WASHINGTON: All countries will lose in a global trade war, the head of the world’s trade referee warned in a speech on Wednesday.
Under attack from US President Donald Trump, the head of the World Trade Organization, Roberto Azevedo, acknowledged that reforms are needed, but rejected criticism that trade is the main cause of job losses.
Azevedo welcomed the commitment by the Group of 20 over the weekend in Buenos Aires to reform the WTO to better preside over the modern trading system, saying the “system can be better.”
But as the Trump administration has aggressively imposed punitive tariffs on trading partners, especially on China, with the goal of reducing the US trade deficit, Azevedo said that “we have to get away from the idea that trade is a zero-sum proposition.”
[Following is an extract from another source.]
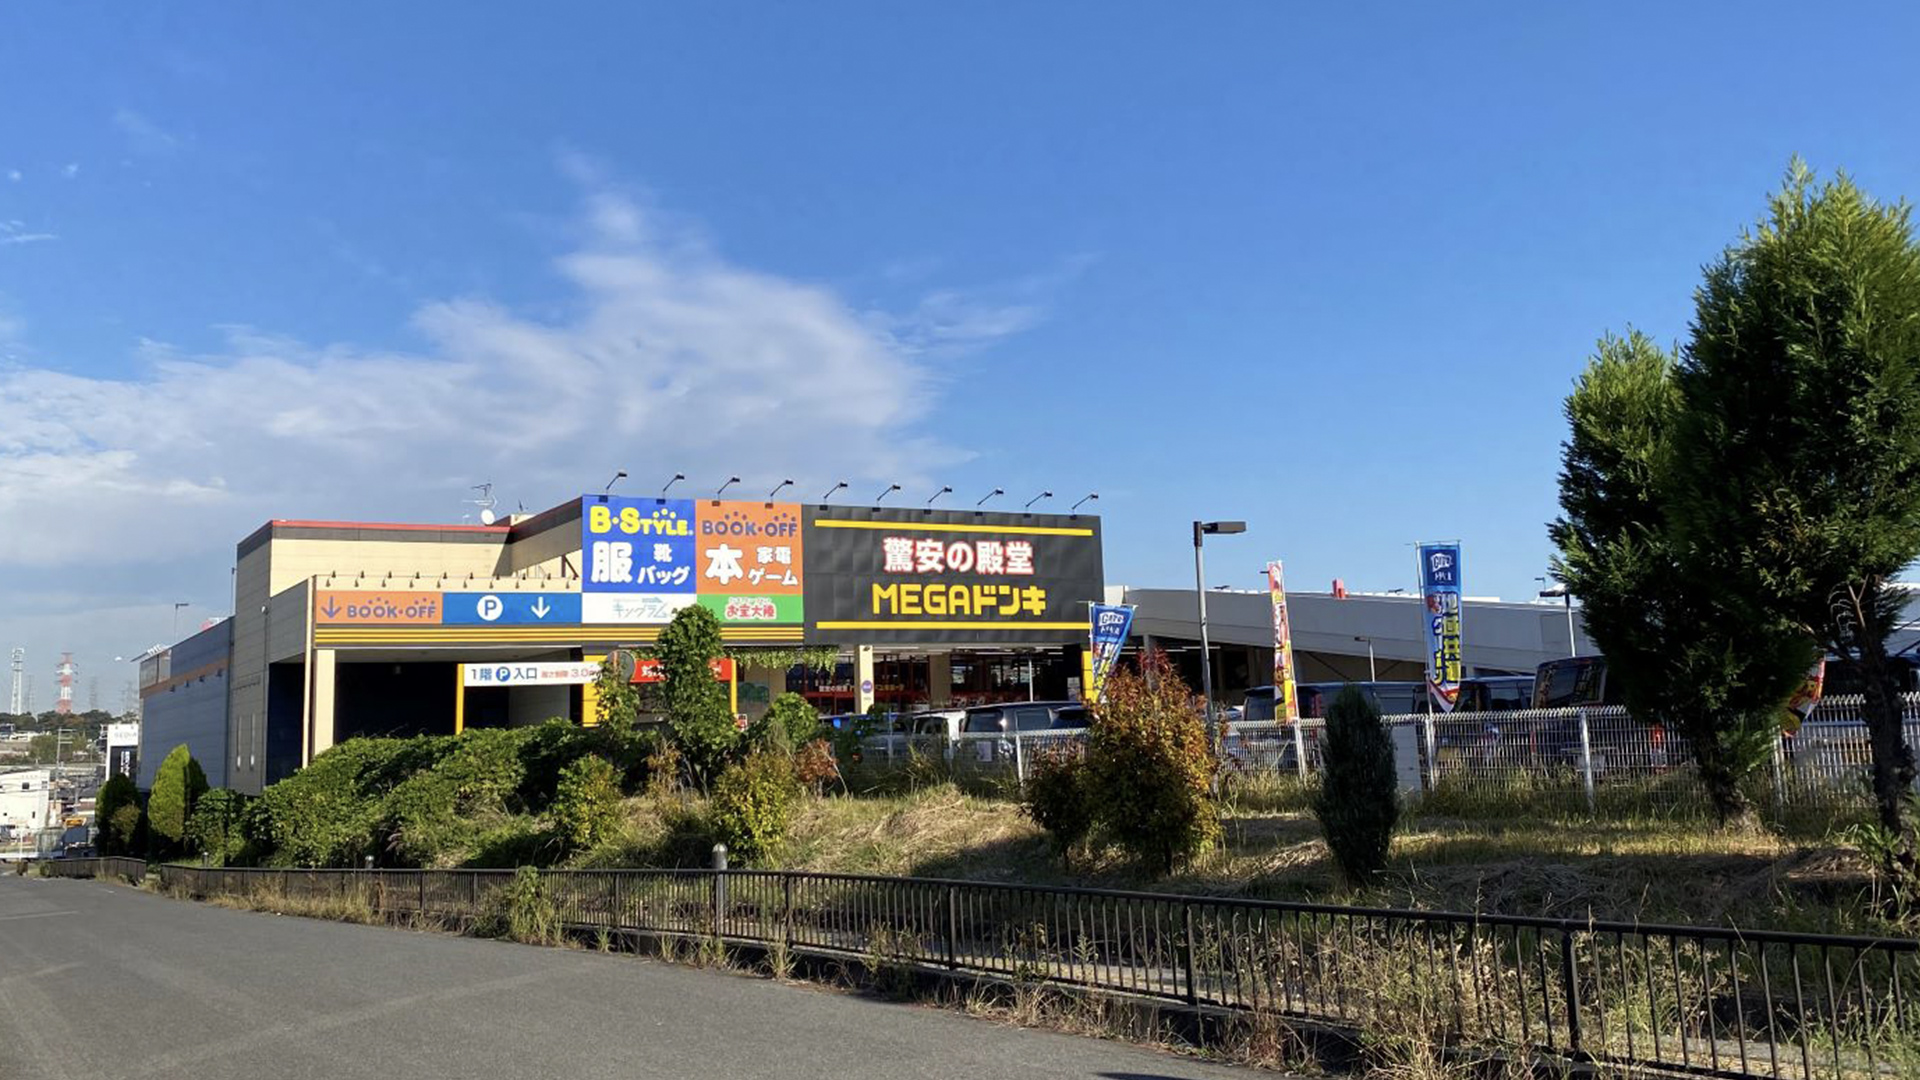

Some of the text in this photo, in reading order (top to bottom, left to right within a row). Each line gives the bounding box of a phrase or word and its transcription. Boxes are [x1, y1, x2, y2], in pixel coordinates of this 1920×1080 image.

“It is not. Everyone can benefit,” he said in a speech to the National Foreign Trade Council.
He welcomed the US-China truce reached in Buenos Aires, and the commitment to reach a deal to defuse the conflict between the world’s two biggest economies.
The alternative of escalating the trade conflict would undermine the global economic recovery, he said.
The “outcome in all simulations is that trade and economic growth will slow down and that all countries, without exceptions, will lose out in a global trade war,” Azevedo said.
That is a warning the International Monetary Fund also has issued.
Azevedo acknowledged the growing anxiety in a changing economy, but stressed that most of the job losses are due to technological change, rather than trade.
Trade is “an engine of growth, productivity, innovation, job creation,” he said.
The Trump administration has blocked the workings of the WTO dispute arbitration system.
Azevedo again flagged the dangers of that path, saying it could undermine the WTO. But he said that after the agreement by the G20, “I believe that this is a once-in-a-generation opportunity to renew the trading system.”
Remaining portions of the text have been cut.